1978年、たぶん本国アメリカでも好調というわけではなかったのだろうし、ましてや遠く離れたアジアの島国で自分の歌が聴かれているとは夢にも思ってもいなかっただろう。だいたい来日することになったのも偶然の成り行きで、日本のソウルミュージックファンが待ち望んでいたO.V.ライトの代役が急遽回って来たからに過ぎなかった。
しかし熱心な日本のソウルミュージックファンはもちろんオーティスのことも知っていた。
ライブは大いに盛り上がって、アルバムを聴いているとオーティスは思いもよらぬ歓迎に少し戸惑いながら、涙ぐんでるんじゃないかと思われるほど感激しているのが伝わってくる。

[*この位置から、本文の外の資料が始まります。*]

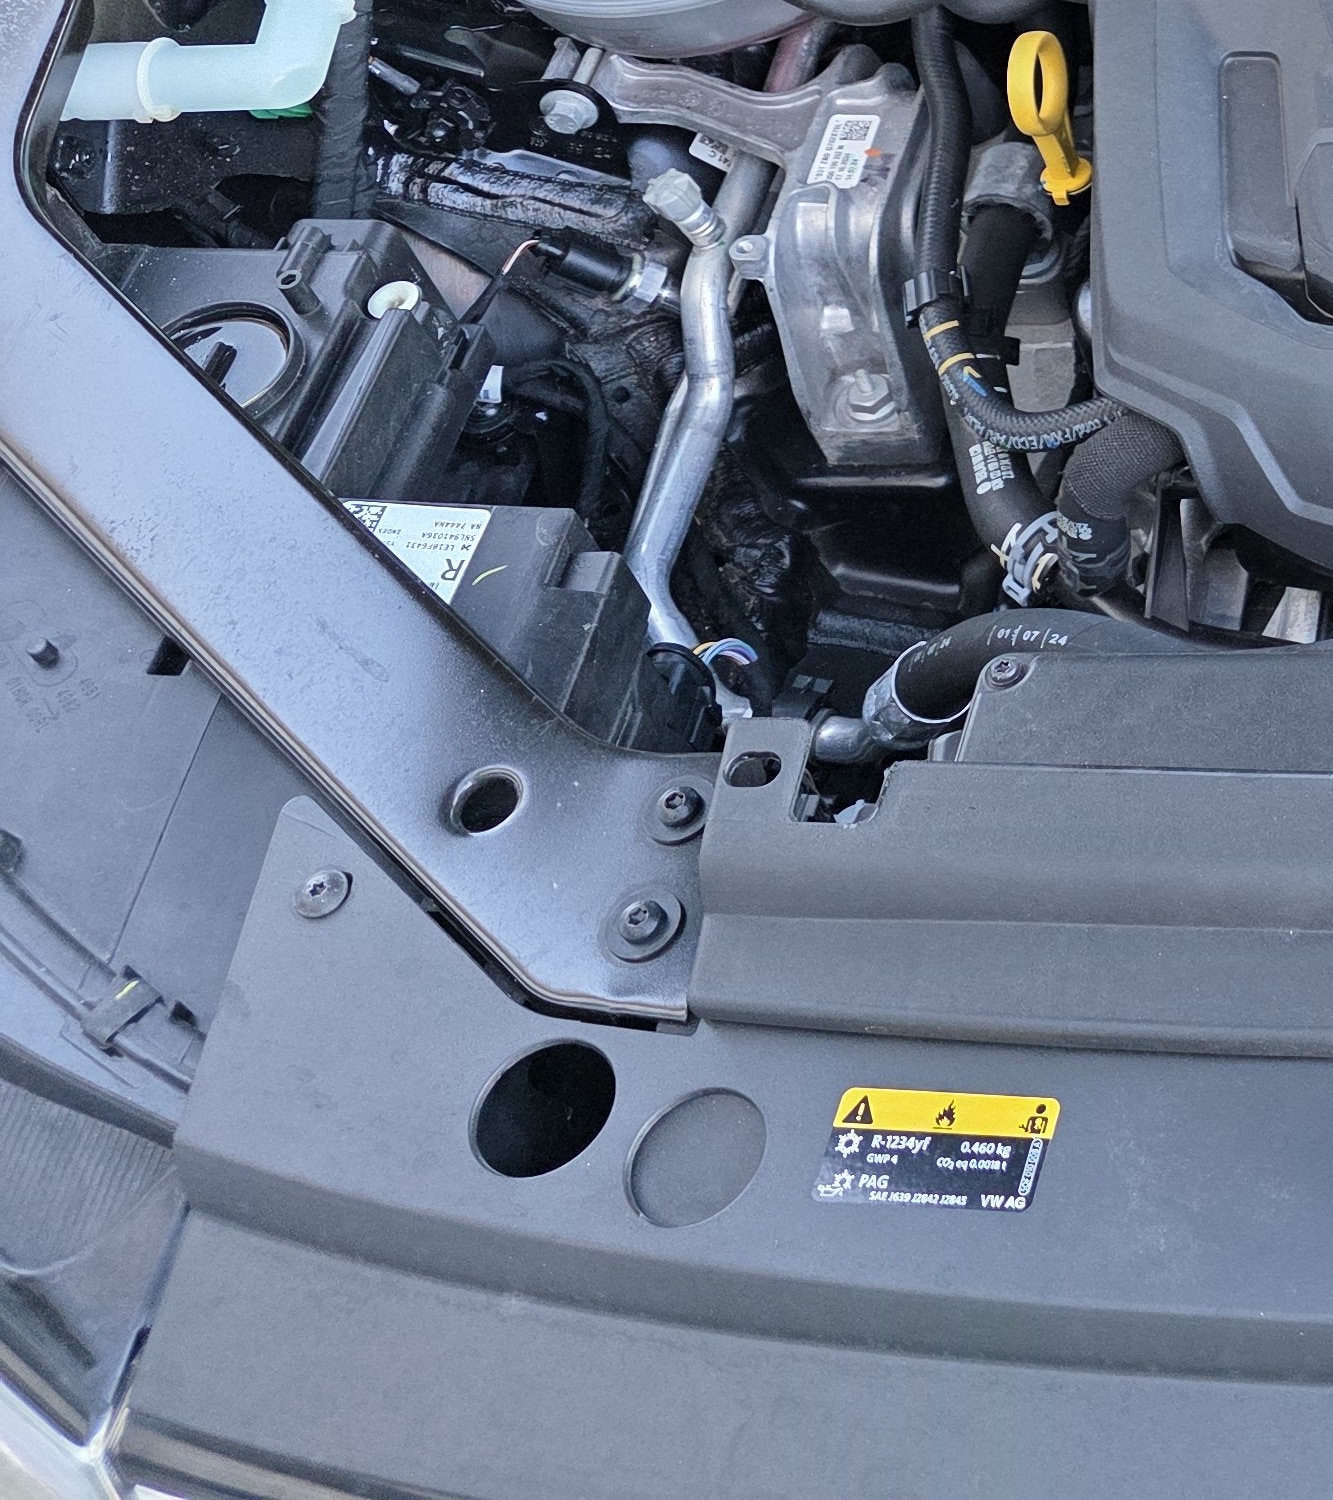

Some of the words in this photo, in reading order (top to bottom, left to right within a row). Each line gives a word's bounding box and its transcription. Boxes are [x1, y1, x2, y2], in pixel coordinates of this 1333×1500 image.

[440, 558, 466, 582] R
[870, 1134, 931, 1153] R-1234yf
[960, 1141, 996, 1155] 0.460
[995, 1142, 1012, 1159] kg
[866, 1152, 891, 1164] GWP
[890, 1154, 899, 1165] 4
[858, 1174, 890, 1189] PAG
[981, 1194, 1005, 1208] VW
[1003, 1195, 1026, 1210] AG
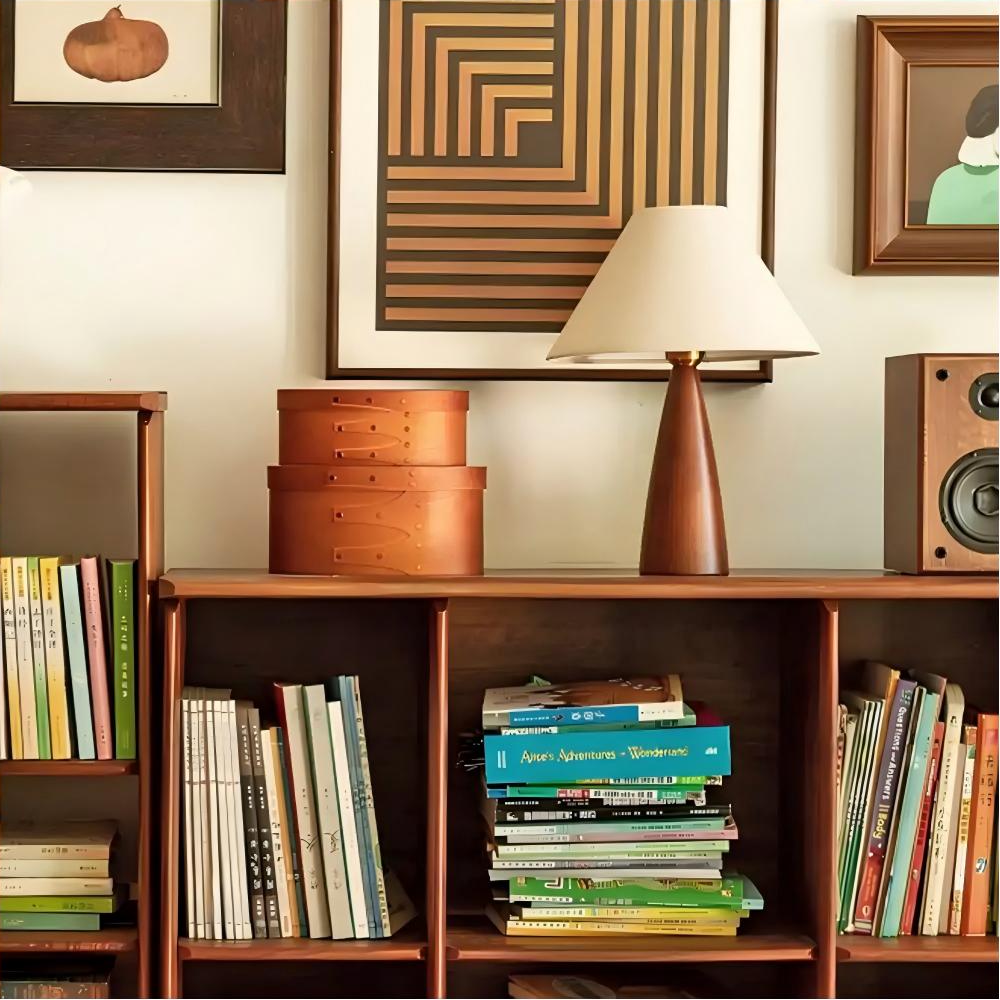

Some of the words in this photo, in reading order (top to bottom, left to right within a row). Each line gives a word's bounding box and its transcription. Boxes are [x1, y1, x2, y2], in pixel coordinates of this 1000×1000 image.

[557, 748, 617, 762] Adventures
[882, 761, 897, 800] Answers
[873, 811, 888, 840] Body
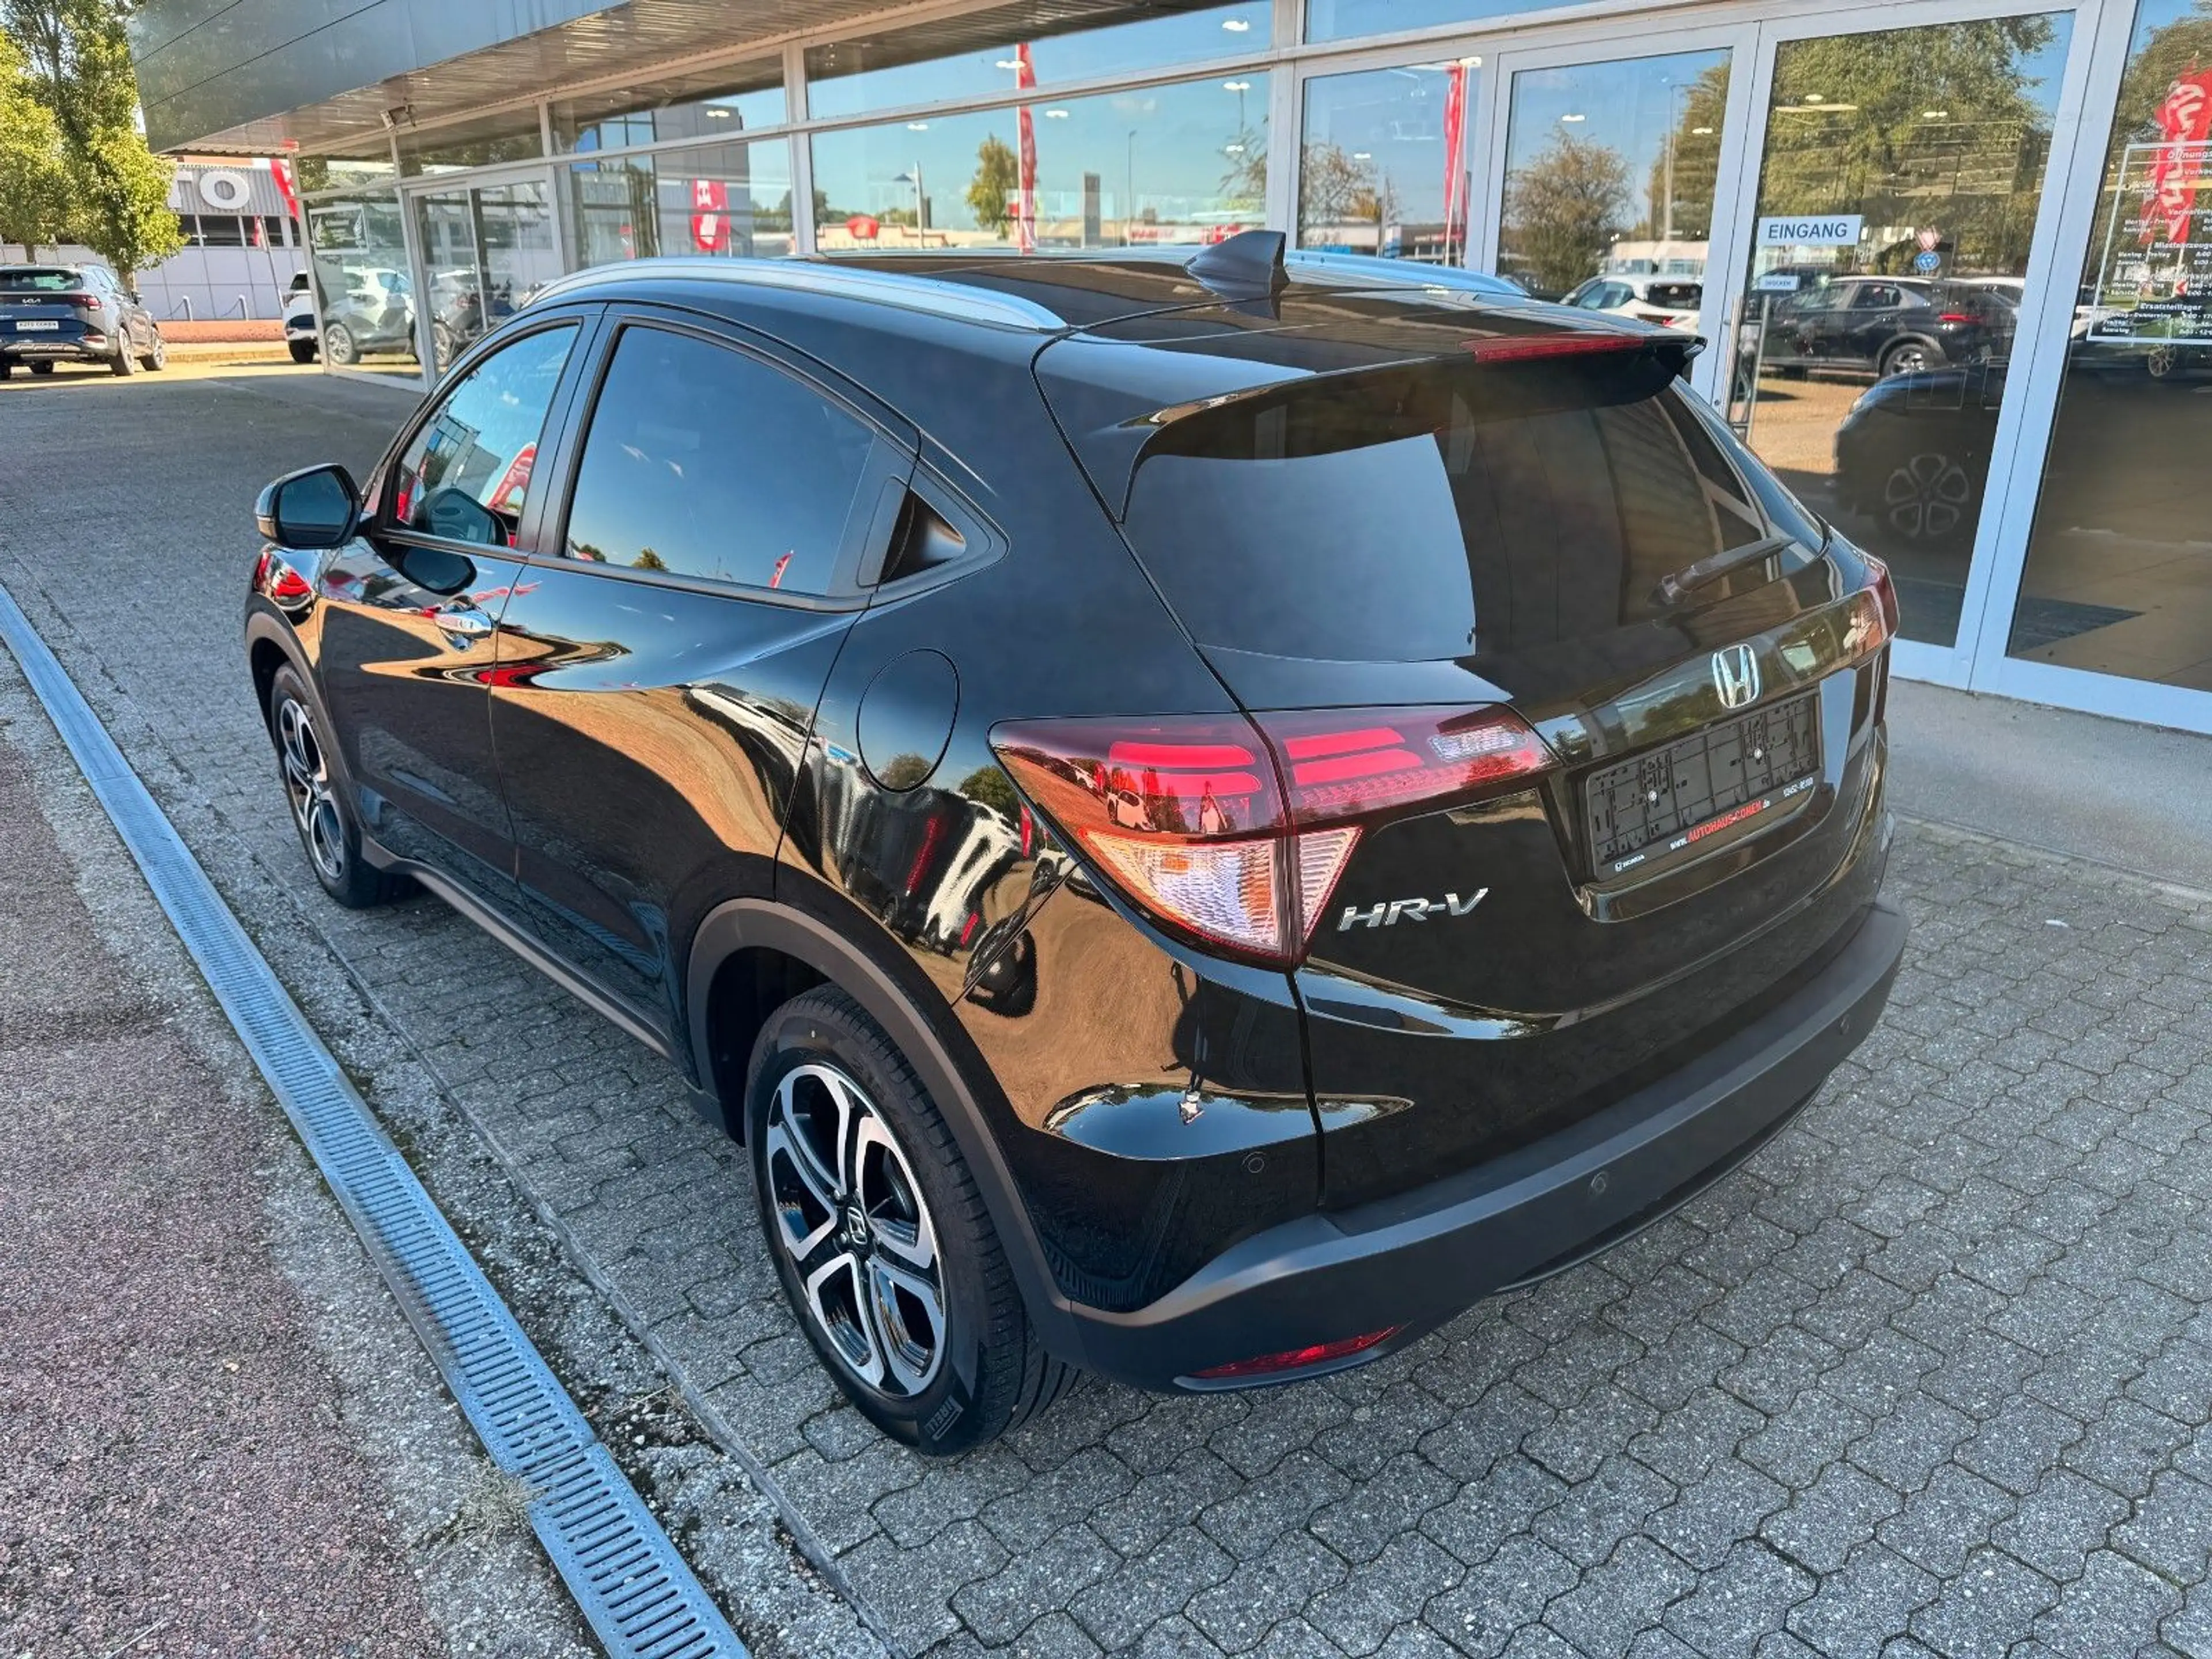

1978年のライブのアルバム。2枚組。まさに熱唱の顔。
オーティスは本当に感激していて、「こんな素敵な人たちに今まで出会ったことがない。君たちは最高だ、君たちは最高だ。」と最大級の謝辞をステージで語っている。*1
4度めの来日、1983年のライブのアルバム。
ライナーノーツの文章によると来日する2か月前にオーティスは交通事故に遭っていて、おそらく拭いきれない不安を抱えてのライブだったのではないか。
このCDも歌詞が載っているだけでなく、オーティスの語りの部分にMC担当のセリフまで載っている。ライブ中の聞き取りにくいしゃべりまで文字にしてるんだから、普通だったらしないような面倒な仕事をしてくれてる。誰が読むのかってところまで全てそのまま文字にしてるんだから、考えてみるとすごいことだ。
オーティス・クレイ/ライブ・イン・トーキョー
アンコールでサザンオールスターズ の「いとしのエリー」をカバーして歌っているのだが、10分以上ある曲の後半あたりはファンへ向けたオーティスの語りになっていてこれがすごく熱い。そして最後は「アリガトー! アリガトー!」。
「いとしのエリー」は1979年に発表されて現在では様々なカバーバージョンがあって、レイ・チャールズが日本のテレビCMで歌ったこともあるが、あれはたぶん制作側からの依頼であるのに対してオーティスのカバーはこのライブのために準備したもので、今風に言えば彼のサプライズなのだろう。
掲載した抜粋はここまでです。